4 x 6″; 16 pages. Offset lithography using non-process colors. Interleave structure. Laid in letterfold paper wrapper with slip-in closure. Written, designed, and produced by Chen and Meador at Flying Fish Press in Berkeley, California and the Center for Book and Paper at Columbia College in Chicago.
In an age of electronic media and virtual simulacra “What is a book?” is a common question. This is the question that Chen and Meador, two veteran practitioners near the top of any serious list of contemporary book artists, address in “How Books Work.”
This elegantly simple book marries structure and content in the best tradition of artists’ books. It begins: “What is a book? A book is an experience.” And ends: “A book starts with an idea. And ends with a reader.”
Dzogchen Village Home
By Clifton Meador
Chicago, Illinois: Clifton Meador, 2012. Edition of 200.
6 x 9″; 48 pages plus four panel double-sided pull out page at back. Stitch bound. Offset printed with a letterpress printed dust jacket.
Cliff Meador: “This is one of three books that is based on work I did in Ganze Autonomous Prefecture. I was there as part of an interdisciplinary research team, documenting traditional Tibetan book culture, and much of the information we collected has never been published. I spent part of this summer printing these books that explore ideas of iteration and repetition that are connected to the practice of traditional Tibetan book production.”
Dzogchen Village Home: “Dzogchen is a Tibetan Buddhist practice intended to bring enlightenment by returning to the primordial condition of the mind: an all-encompassing timeless awareness, an openness to everything, all situations, all people, undefended, ready to experience. The practice of dzogchen is supposed to be everyday life itself.”
“Dzogchen is also a monastery, in a glacial valley, in Ganze Autonomous Prefecture, part of the great Nyingma tradition, and the seat of the Second Dzogchen Rinpoche Gyurme Tekchok Tenzin who is supposed to have instructed the King of Derge to build the Parkhang.”
After resettlement
By Clifton Meador
Chicago: Clifton Meador, 2013. Edition of 20.
5 3/8 x 7 7/8″; 30 pages.
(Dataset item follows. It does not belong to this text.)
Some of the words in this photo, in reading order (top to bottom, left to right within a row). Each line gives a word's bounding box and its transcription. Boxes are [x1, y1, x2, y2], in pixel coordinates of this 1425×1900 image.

Digital printing and letterpress. French folded pages. Bound in a soft cloth cover.
Clifton Meador: “Newfoundland is an island with dozens of isolated fishing communities along the coasts: it was the home of the great North Atlantic cod fishery for hundreds of years, and these fishing villages were the bases for catching and drying the cod. The rugged topography of the island makes road building a difficult enterprise, and many of these communities are only accessible by water. These places – called Outports – used to be isolated for the three or four months of deepest winter, cut off from supplies, medical care, or even communications.
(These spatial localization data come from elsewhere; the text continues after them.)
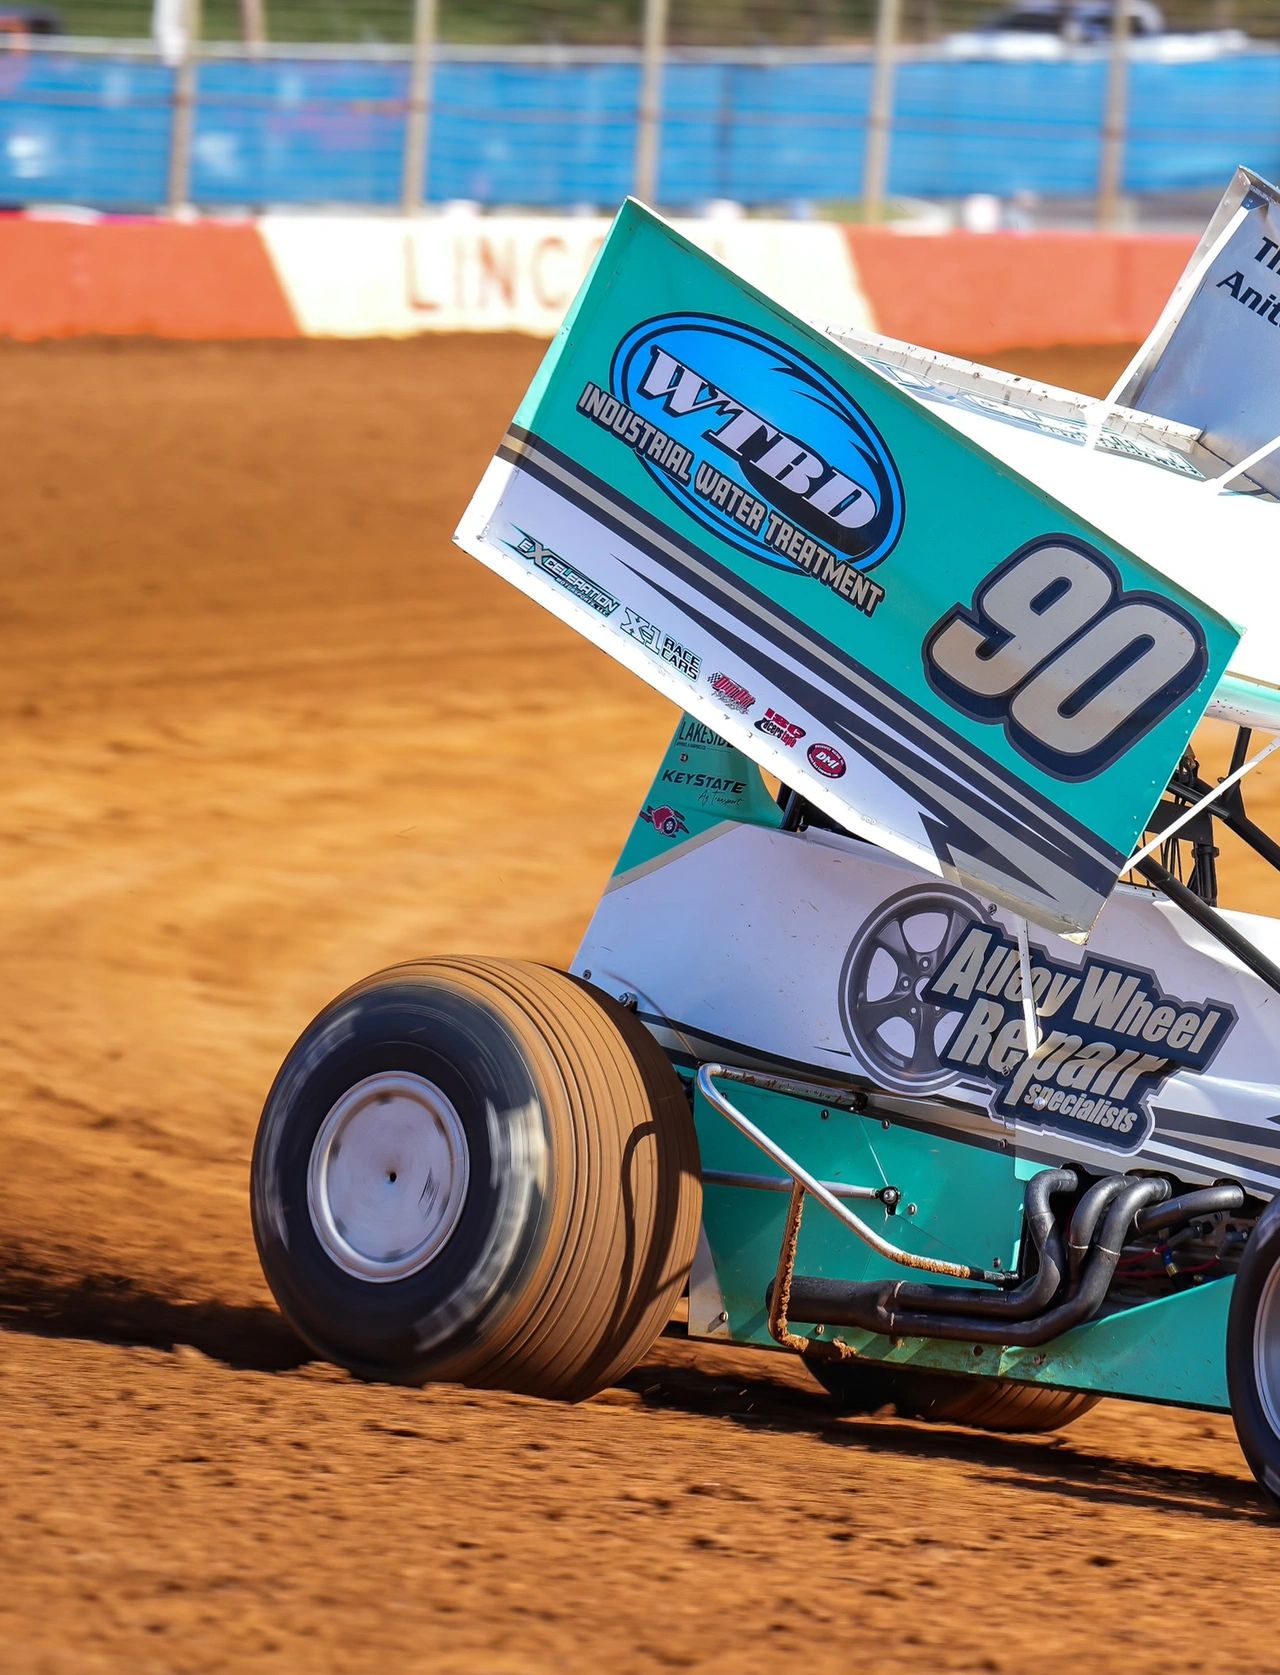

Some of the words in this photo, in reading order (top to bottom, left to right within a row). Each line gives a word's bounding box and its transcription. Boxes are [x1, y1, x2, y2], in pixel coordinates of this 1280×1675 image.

[641, 346, 877, 530] WTBD
[577, 382, 695, 483] INDUSTRIAL
[694, 461, 767, 533] WATER
[765, 511, 885, 614] TREATMENT
[661, 647, 699, 680] CARS
[663, 634, 701, 667] RACE
[927, 540, 1202, 768] 90
[678, 720, 735, 748] LAKESI
[815, 751, 840, 769] DMI
[662, 769, 748, 794] KEYSTATE
[931, 927, 1082, 1018] Alloy
[1072, 965, 1222, 1055] Wheel
[947, 998, 1170, 1107] Repair
[1023, 1081, 1137, 1133] specialists
“During the late 1950s, the government of Newfoundland realized that it was too expensive to supply all of these villages with nurses, schools, telecommunications, and utilities. The government undertook a project of resettlement of the most isolated communities, offering inhabitants a lump sum of money as an inducement. The Government’s rules have shifted over time, but the basic principle has been that some super-majority vote of a community was needed to indicate their desire to resettle their community before anyone received settlement money.
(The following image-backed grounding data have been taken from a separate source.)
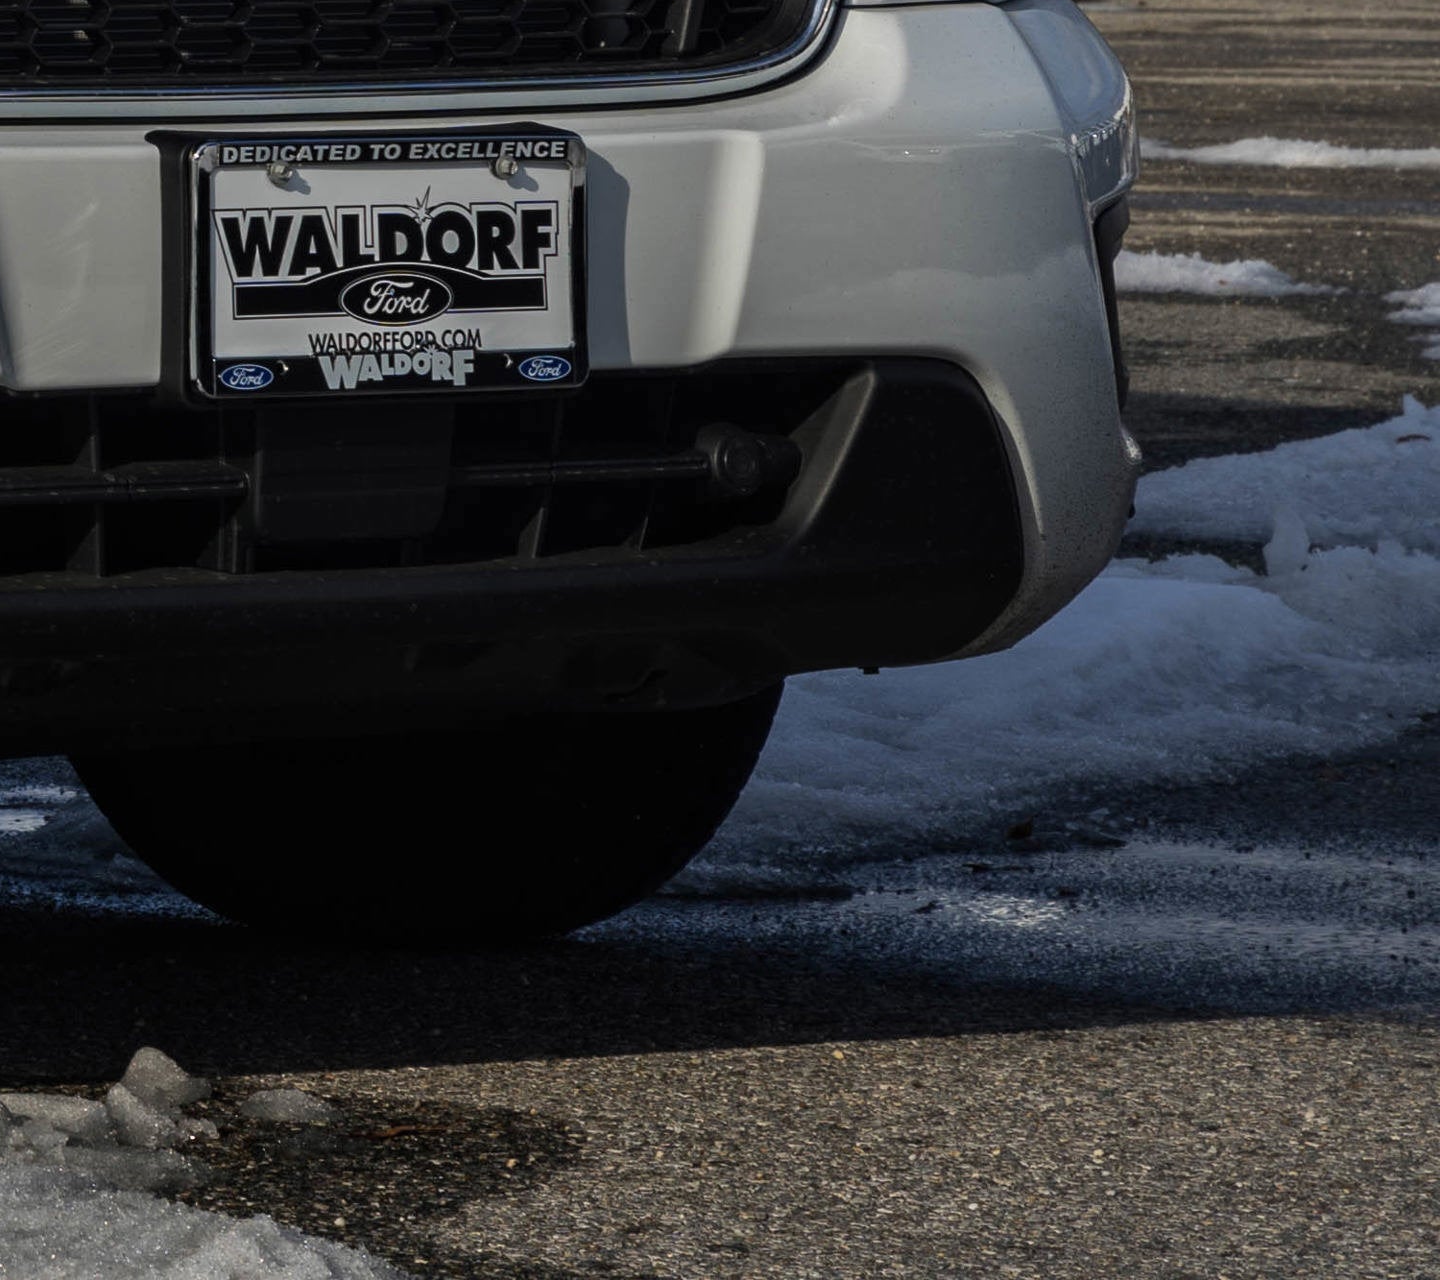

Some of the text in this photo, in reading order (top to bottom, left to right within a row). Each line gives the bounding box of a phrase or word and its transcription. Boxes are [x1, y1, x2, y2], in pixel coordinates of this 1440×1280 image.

[222, 141, 566, 163] DEDICATED TO EXCELLENCE
[219, 207, 555, 278] WALDORF
[363, 278, 432, 316] Ford
[308, 328, 483, 353] WALDORFFORDCOM
[229, 367, 265, 387] Ford
[317, 348, 476, 390] WALDORF
[526, 358, 563, 378] Ford
“Hundreds of small villages and Outports have been resettled in the past 50 years: along the rocky coasts of Newfoundland there stand abandoned villages, with little left to mark the people who lived there. In collaboration with some art faculty at Memorial University in Newfoundland, I have been visiting the south coast of Newfoundland, and was able to document the site of one village, Rencontre West, which was resettled in the 1970s.”